Records from a data collection

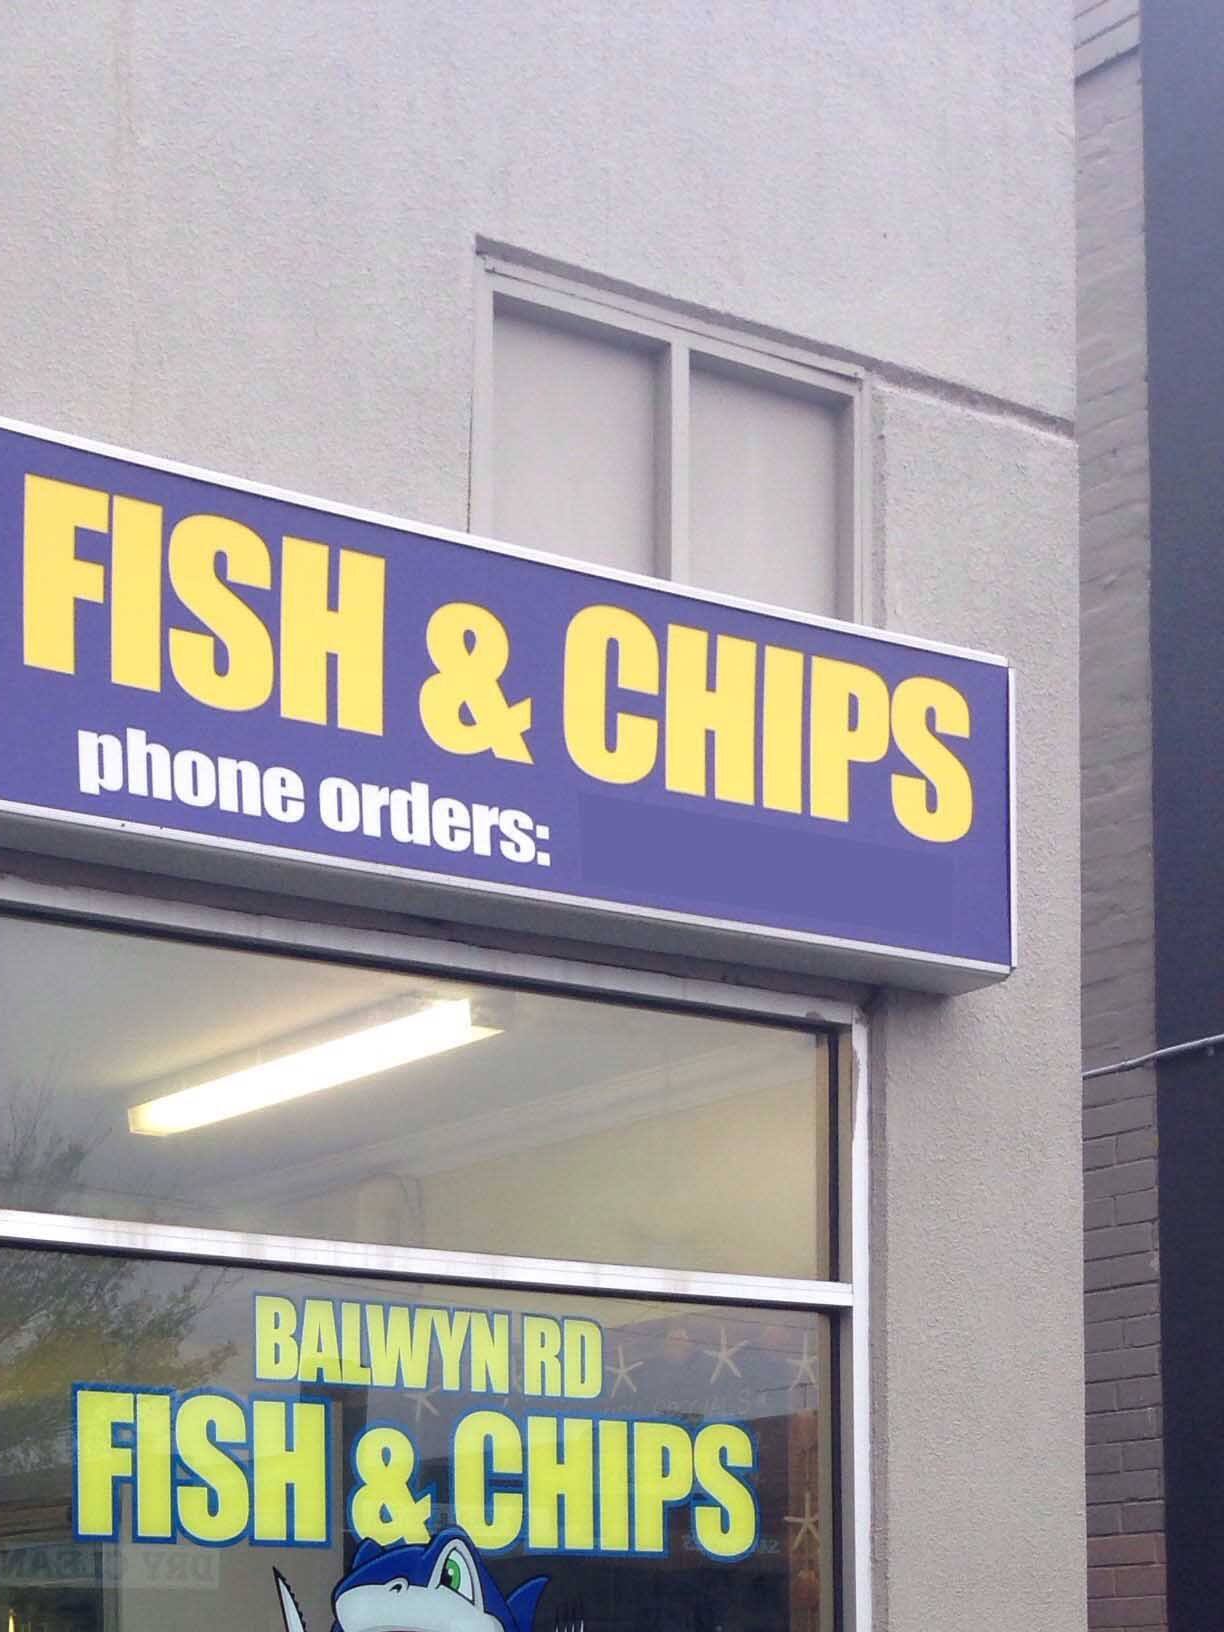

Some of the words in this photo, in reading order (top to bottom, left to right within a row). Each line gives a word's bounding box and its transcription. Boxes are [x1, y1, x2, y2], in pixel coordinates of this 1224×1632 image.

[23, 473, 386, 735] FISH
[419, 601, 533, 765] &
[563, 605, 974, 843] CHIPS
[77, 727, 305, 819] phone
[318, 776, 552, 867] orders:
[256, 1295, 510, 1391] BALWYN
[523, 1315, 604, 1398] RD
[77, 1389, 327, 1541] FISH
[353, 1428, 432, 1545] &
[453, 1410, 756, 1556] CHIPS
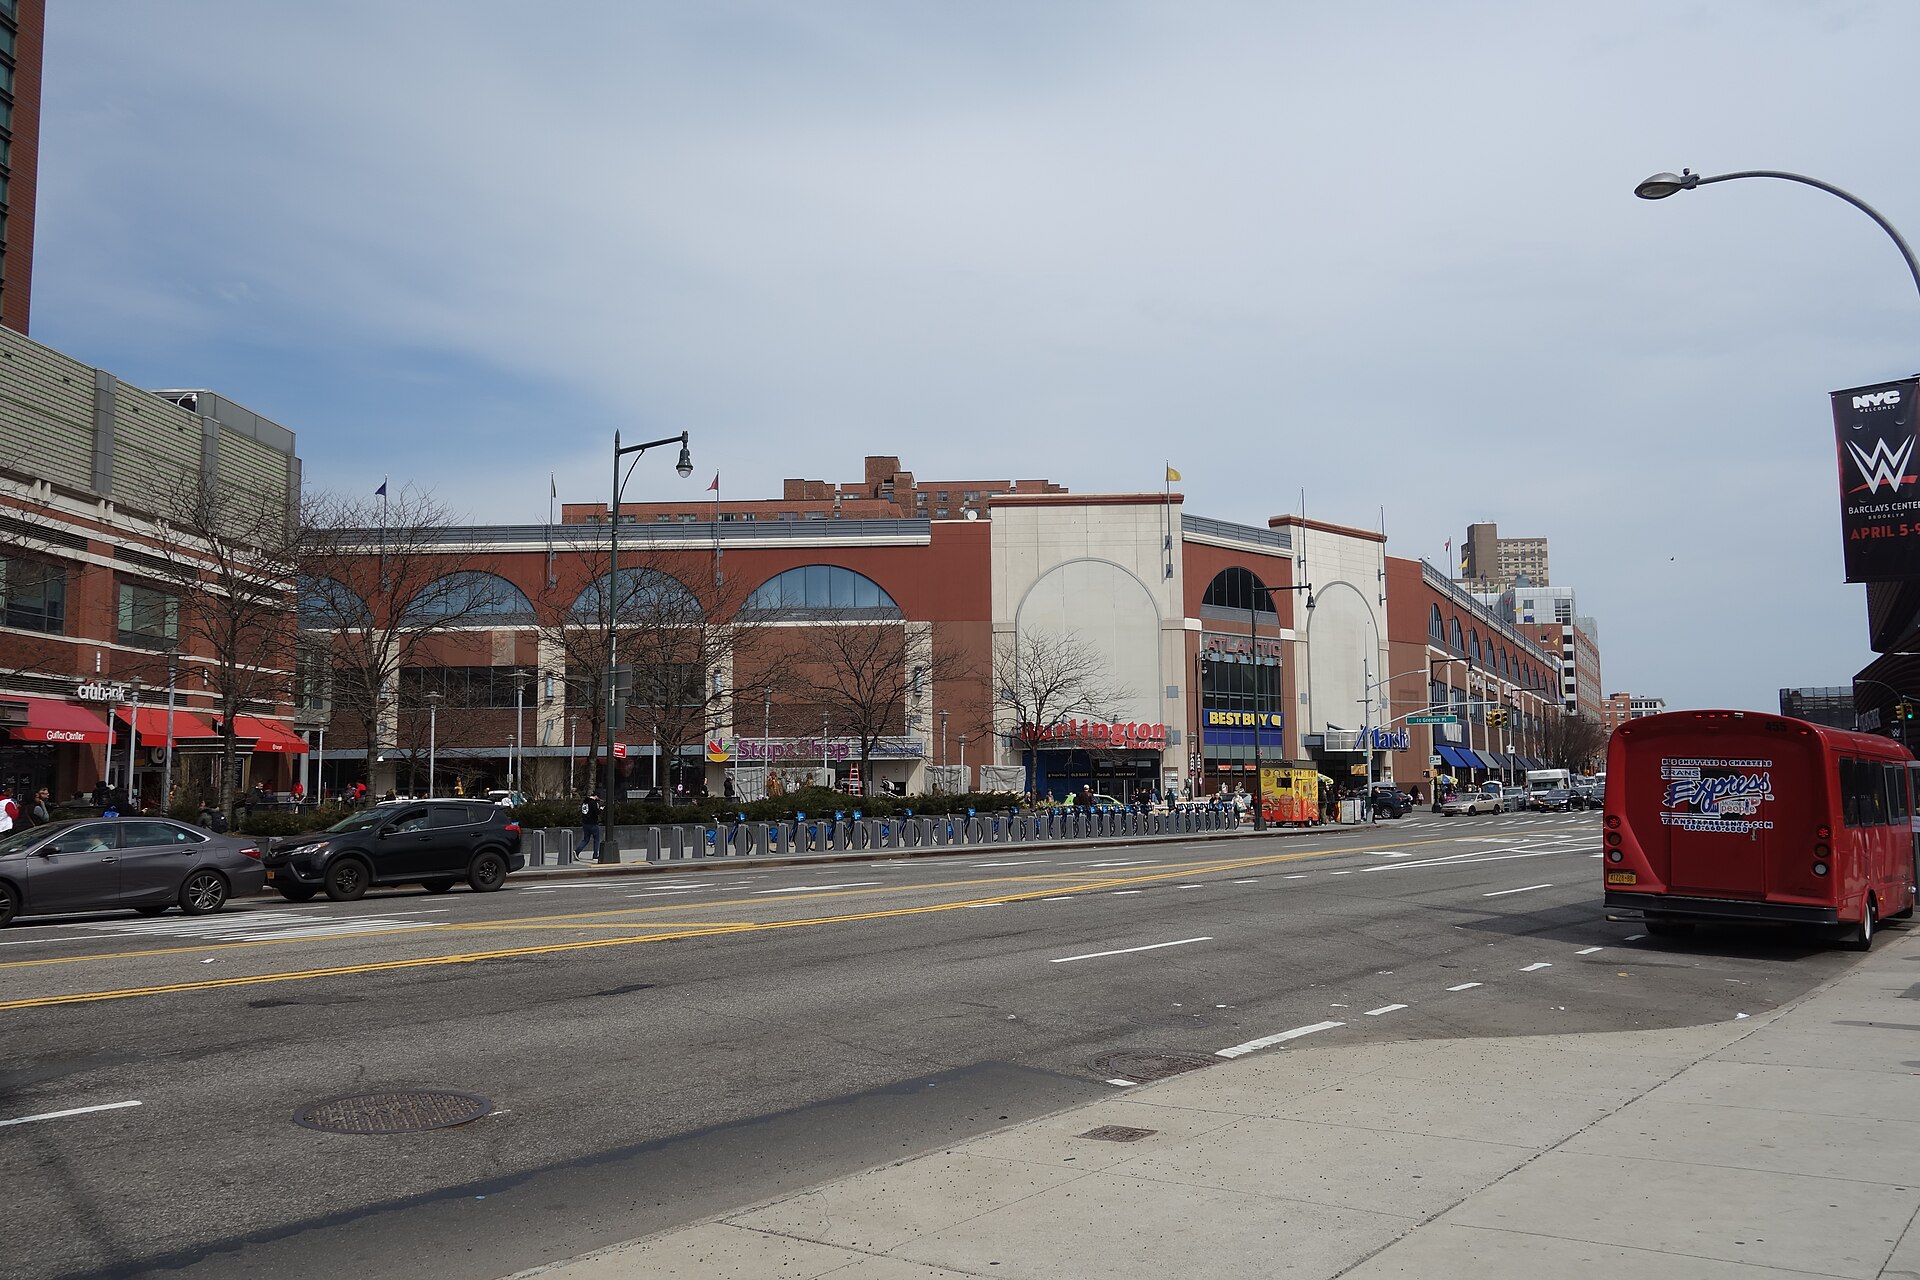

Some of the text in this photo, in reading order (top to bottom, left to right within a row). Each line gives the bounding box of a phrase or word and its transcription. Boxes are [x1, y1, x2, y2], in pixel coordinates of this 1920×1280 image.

_Work instruction_
Transcribe the records above exactly, omitting every picture they contain.

_Result_
Some of the words in this photo, in reading order (top to bottom, left to right within a row). Each line gives a word's bounding box and its transcription. Boxes are [x1, y1, x2, y2], in pixel coordinates of this 1224×1632 image.

[23, 473, 386, 735] FISH
[419, 601, 533, 765] &
[563, 605, 974, 843] CHIPS
[77, 727, 305, 819] phone
[318, 776, 552, 867] orders:
[256, 1295, 510, 1391] BALWYN
[523, 1315, 604, 1398] RD
[77, 1389, 327, 1541] FISH
[353, 1428, 432, 1545] &
[453, 1410, 756, 1556] CHIPS

Some of the text in this photo, in reading order (top to bottom, left to right within a row). Each line gives the bounding box of a phrase or word and its transcription. Boxes are [x1, y1, x2, y2], in pixel coordinates of this 1920×1280 image.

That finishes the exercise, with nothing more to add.